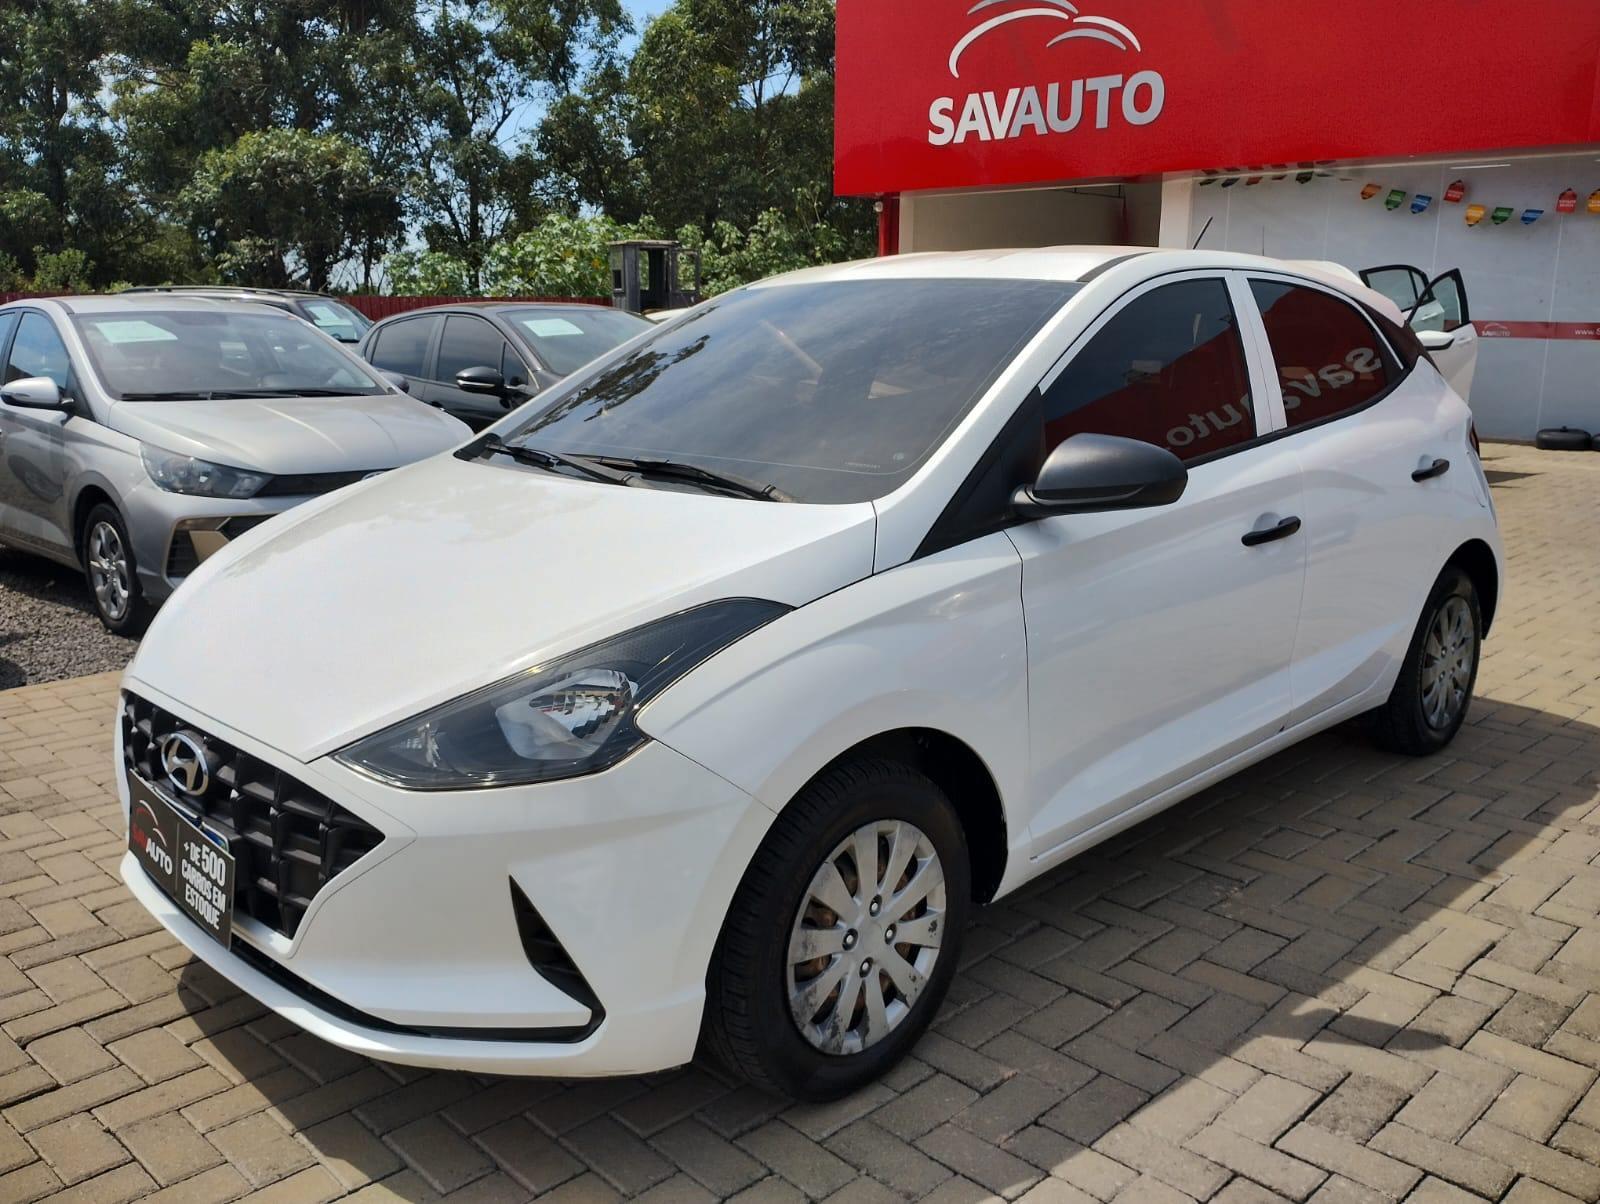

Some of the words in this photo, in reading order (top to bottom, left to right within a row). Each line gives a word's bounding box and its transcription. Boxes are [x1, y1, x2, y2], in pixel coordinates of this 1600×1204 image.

[928, 70, 1165, 146] SAVAUTO
[181, 859, 213, 898] CARROS
[212, 887, 226, 913] EM
[190, 842, 201, 866] DE
[201, 844, 226, 887] 500
[185, 883, 220, 930] ESTOQUE
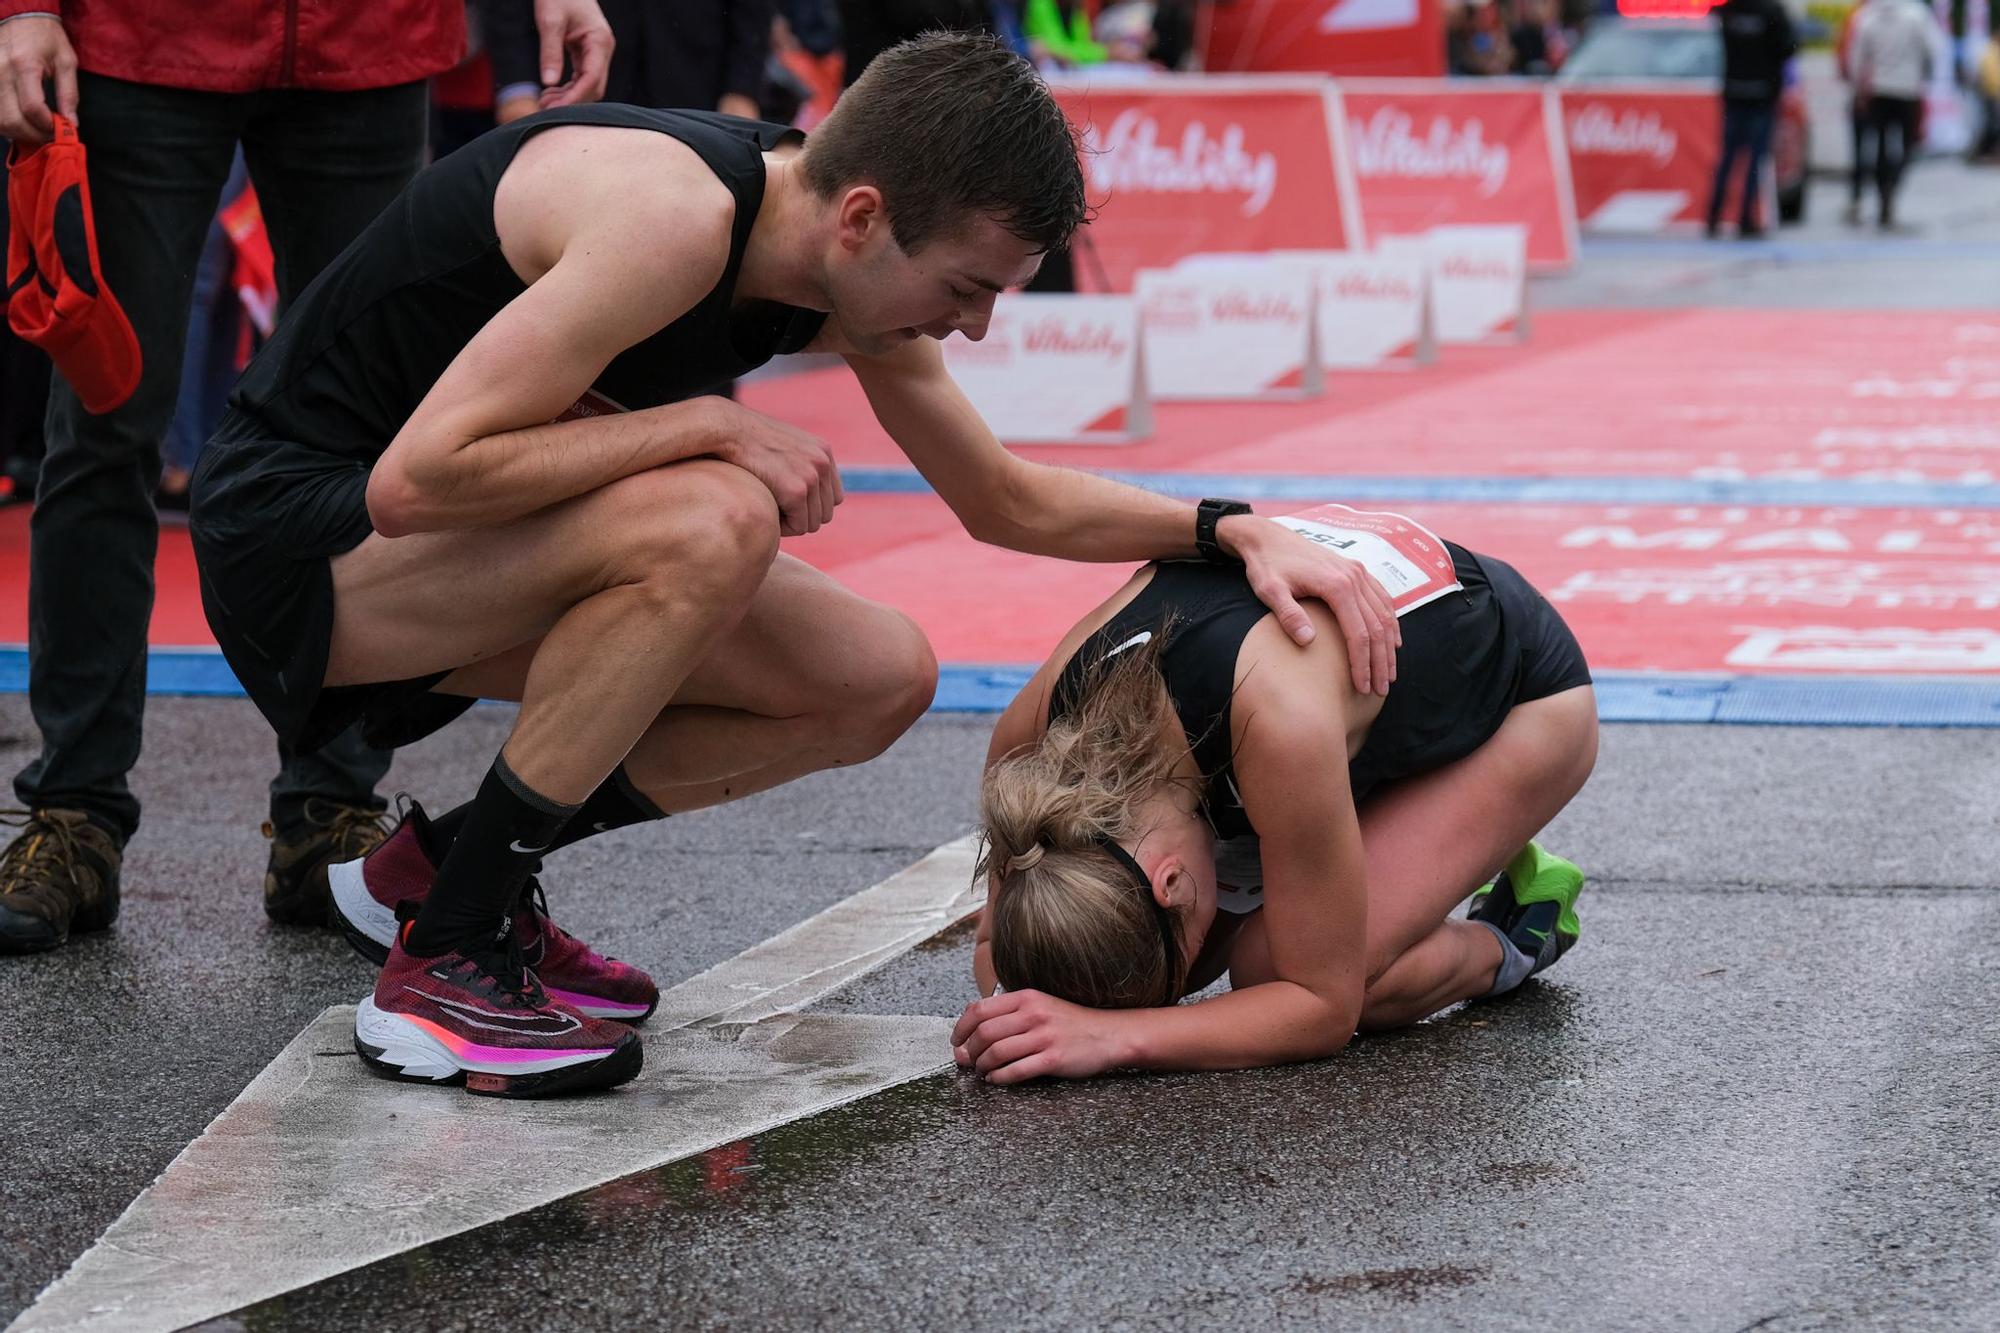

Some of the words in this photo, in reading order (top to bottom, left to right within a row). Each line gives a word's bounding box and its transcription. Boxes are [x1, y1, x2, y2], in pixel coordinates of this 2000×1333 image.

[1083, 107, 1277, 218] Vitality
[1352, 103, 1508, 198] Vitality
[1571, 102, 1677, 170] Vitality
[1023, 314, 1126, 359] Vitality
[1211, 284, 1302, 326] Vitality
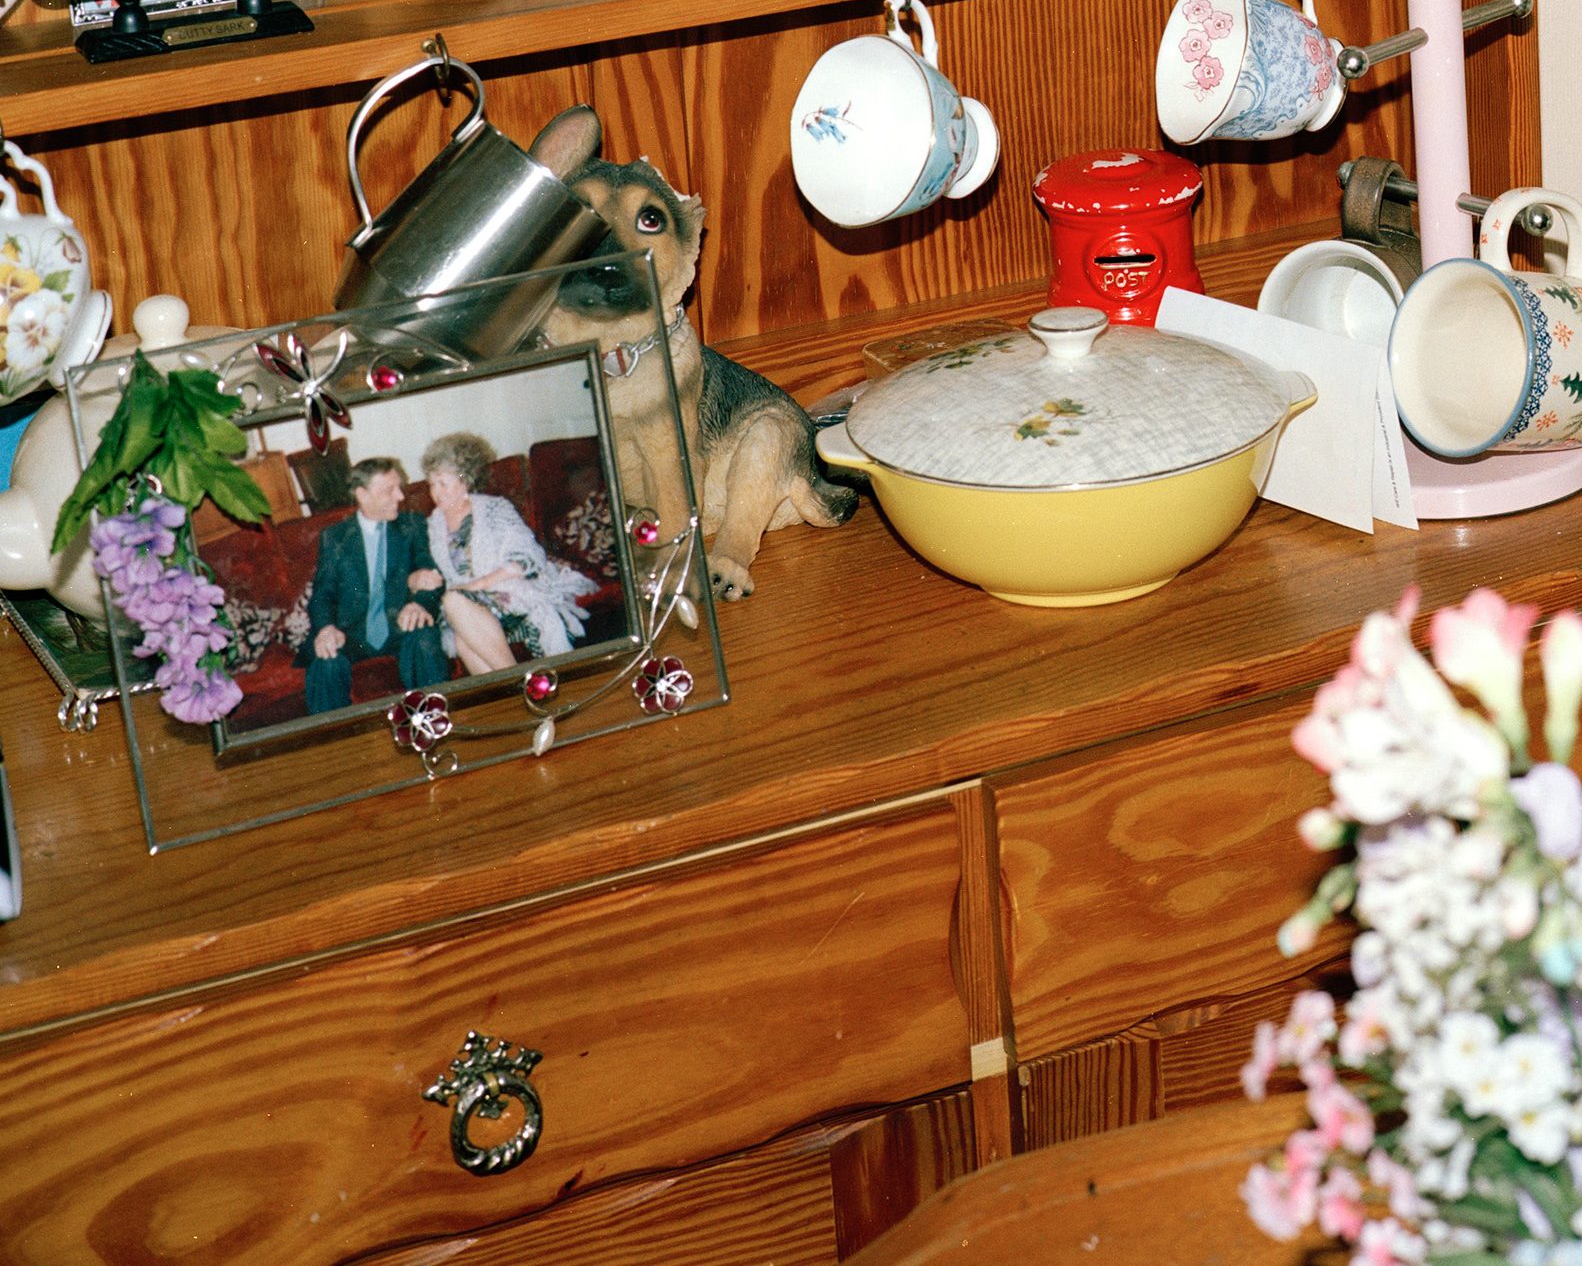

====

Aim of the task: Please print the data above in its entirety, exactly, but without any picture.

Response area:
Some of the words in this photo, in reading order (top to bottom, left to right within a row). Each line gives a word's bounding box and its transcription. Boxes are [x1, y1, x2, y2], in pixel coordinates of this 1600×1204 image.

[928, 70, 1165, 146] SAVAUTO
[181, 859, 213, 898] CARROS
[212, 887, 226, 913] EM
[190, 842, 201, 866] DE
[201, 844, 226, 887] 500
[185, 883, 220, 930] ESTOQUE

Some of the words in this photo, in reading order (top to bottom, left to right within a row). Each line gives a word's bounding box and its transcription. Boxes are [x1, y1, x2, y2], in pixel coordinates of this 2000×1333 image.

[1083, 107, 1277, 218] Vitality
[1352, 103, 1508, 198] Vitality
[1571, 102, 1677, 170] Vitality
[1023, 314, 1126, 359] Vitality
[1211, 284, 1302, 326] Vitality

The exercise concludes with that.